Exactly reproduce the line that contains "Some of the text" and all lines after it in the entries below, through the very last line.

/---

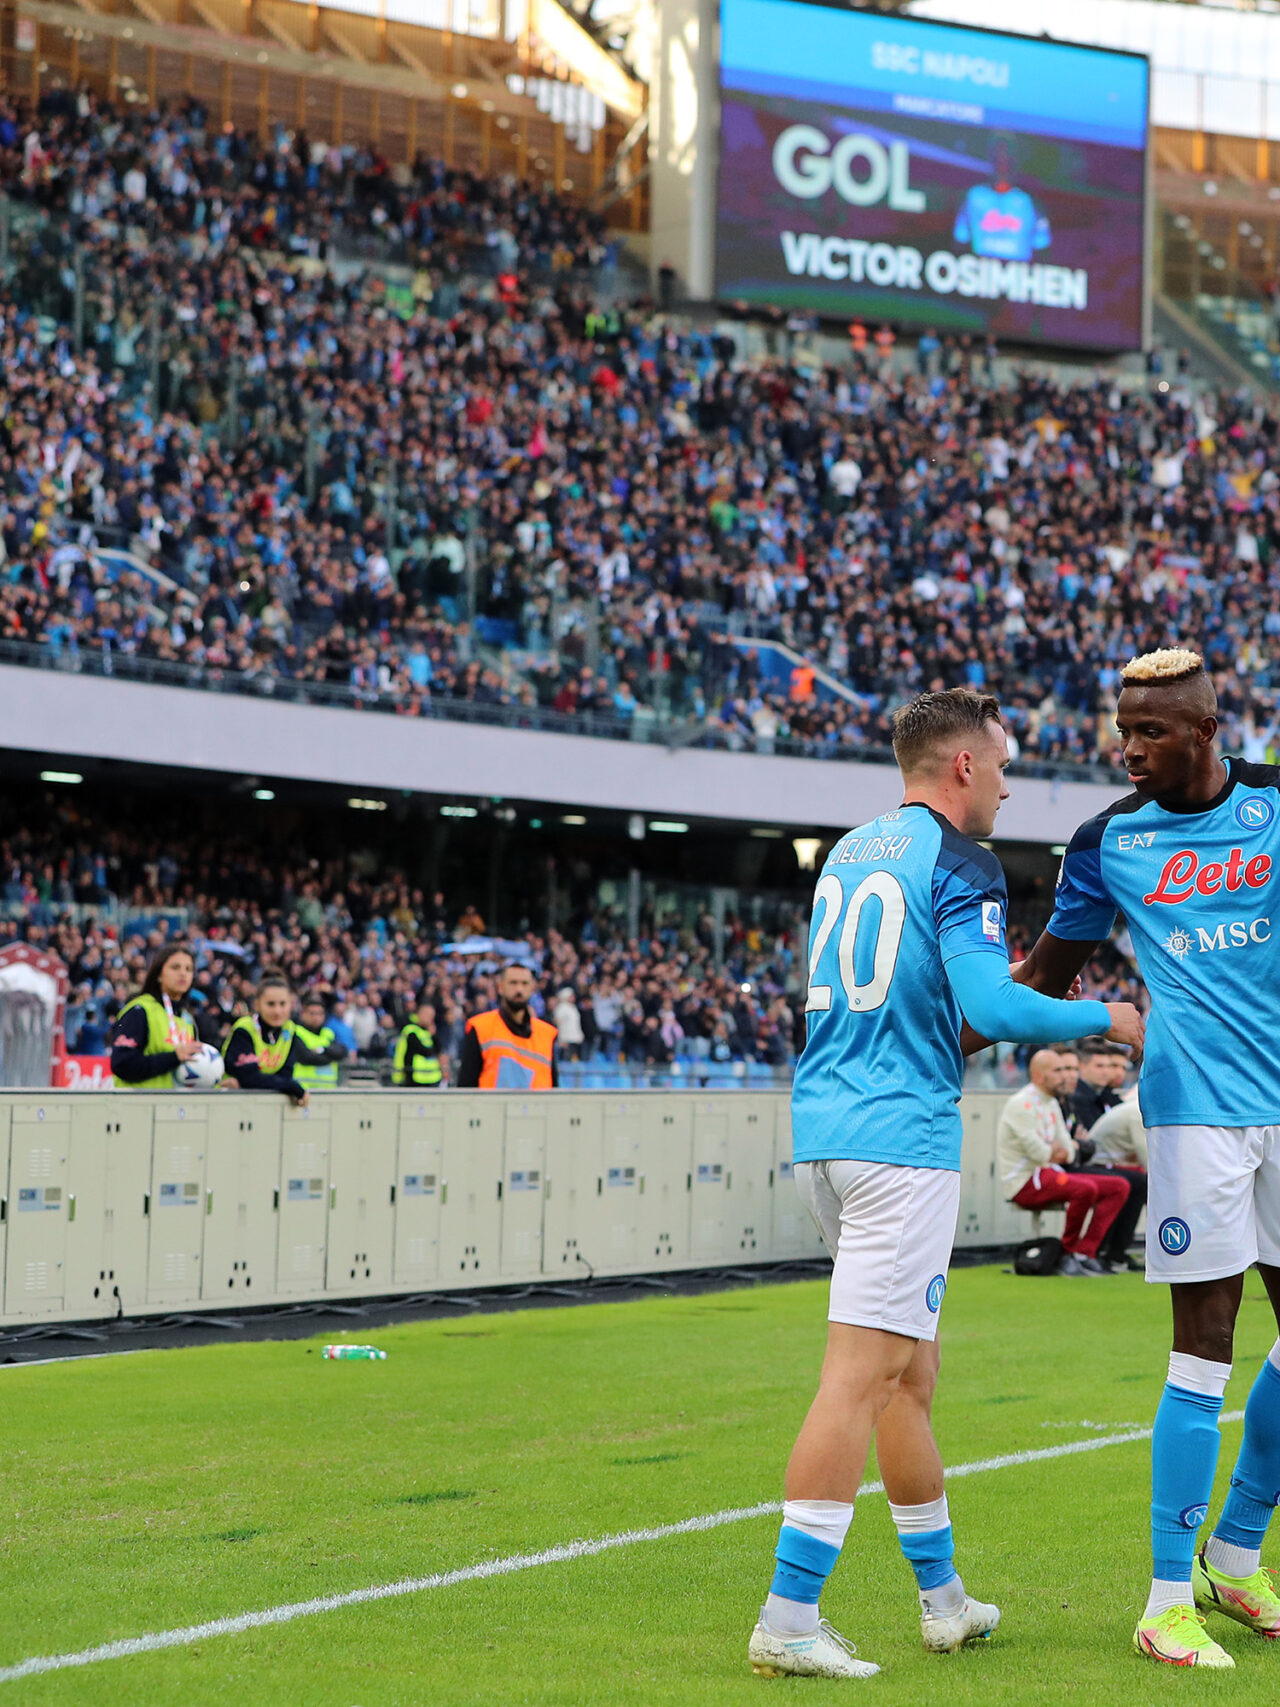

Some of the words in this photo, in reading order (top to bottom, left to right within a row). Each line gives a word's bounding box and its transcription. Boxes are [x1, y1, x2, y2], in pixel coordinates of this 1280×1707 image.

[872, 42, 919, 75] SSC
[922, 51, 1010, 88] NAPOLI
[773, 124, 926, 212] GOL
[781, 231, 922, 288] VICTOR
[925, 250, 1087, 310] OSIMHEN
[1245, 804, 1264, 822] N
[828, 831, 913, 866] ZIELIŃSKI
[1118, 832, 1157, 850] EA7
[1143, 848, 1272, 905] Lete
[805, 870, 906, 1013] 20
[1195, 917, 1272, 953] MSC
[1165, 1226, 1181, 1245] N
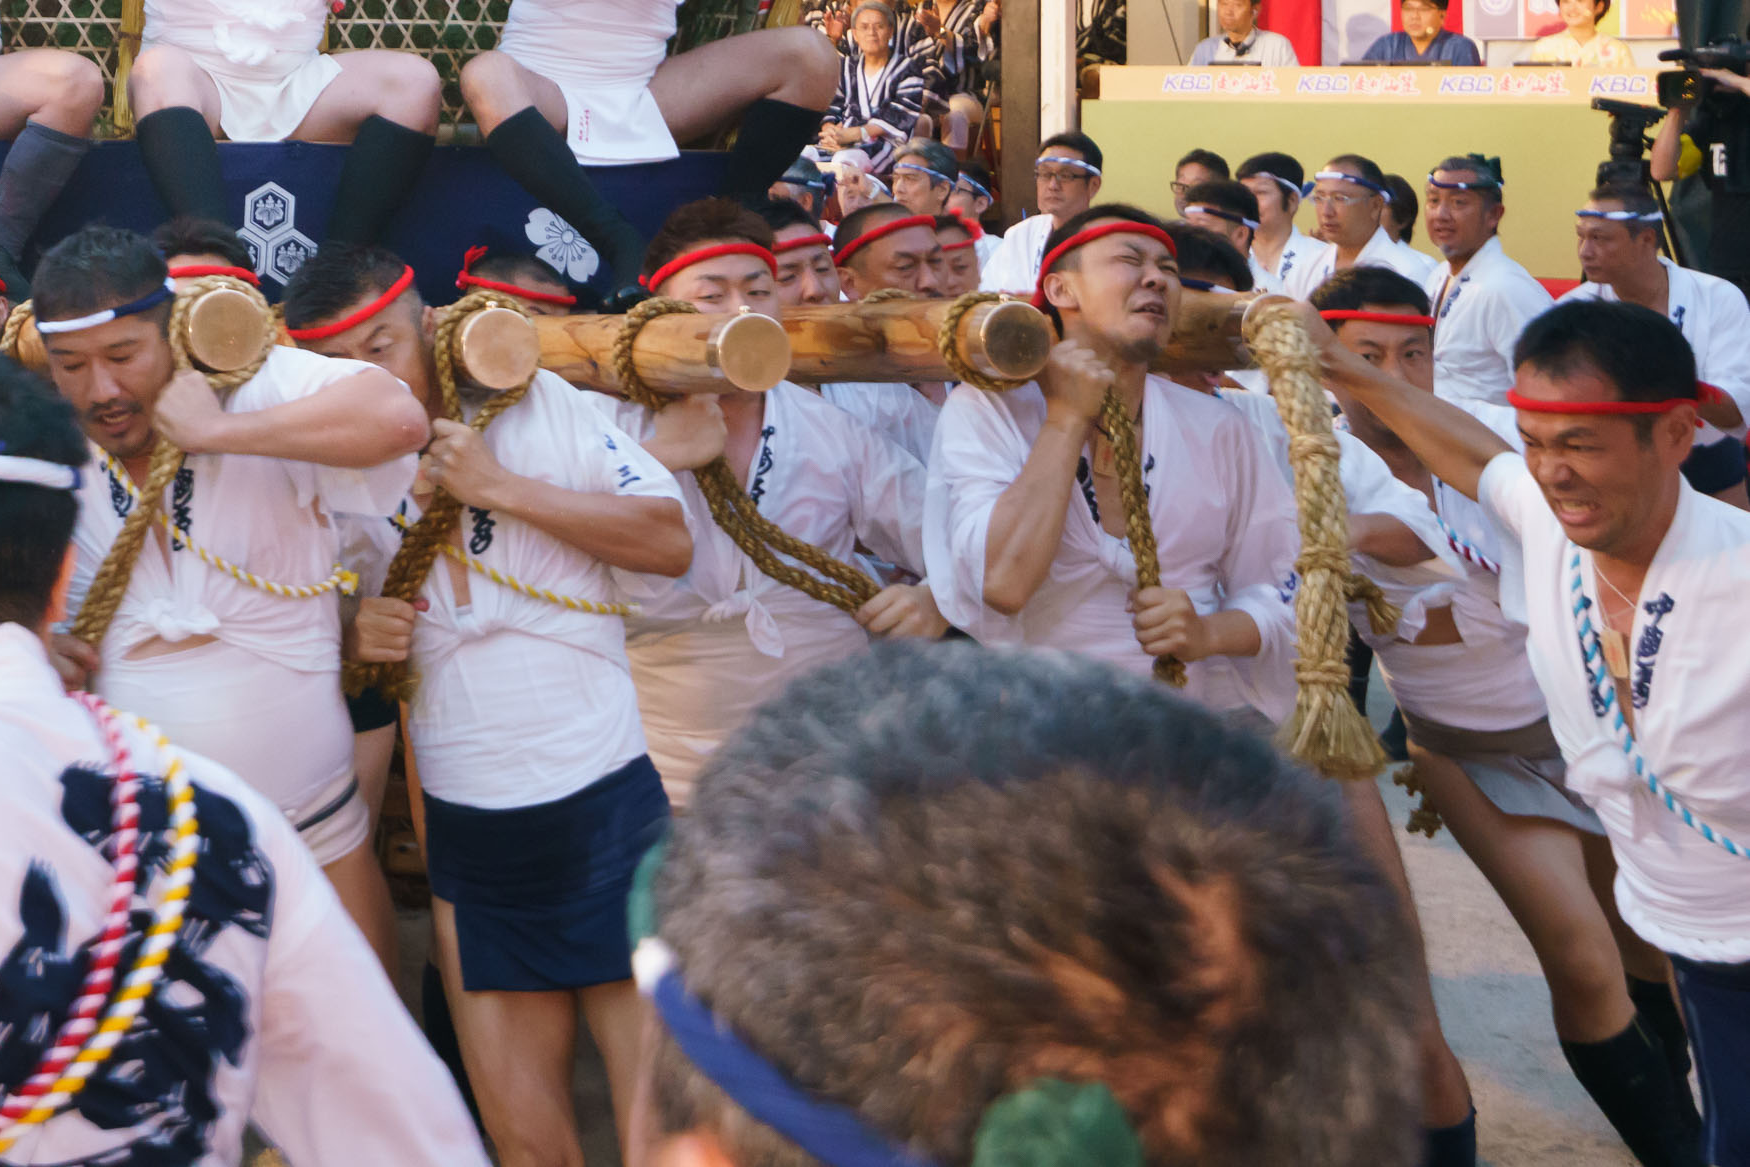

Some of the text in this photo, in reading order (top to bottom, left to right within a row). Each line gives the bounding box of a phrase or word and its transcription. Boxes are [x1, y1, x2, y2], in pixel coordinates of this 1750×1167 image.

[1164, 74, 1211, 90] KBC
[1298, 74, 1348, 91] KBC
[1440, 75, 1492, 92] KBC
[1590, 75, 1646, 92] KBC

\---

Output of the task –
Some of the text in this photo, in reading order (top to bottom, left to right within a row). Each line gives the bounding box of a phrase or word and its transcription. Boxes are [x1, y1, x2, y2], in pixel coordinates of this 1750×1167 image.

[1164, 74, 1211, 90] KBC
[1298, 74, 1348, 91] KBC
[1440, 75, 1492, 92] KBC
[1590, 75, 1646, 92] KBC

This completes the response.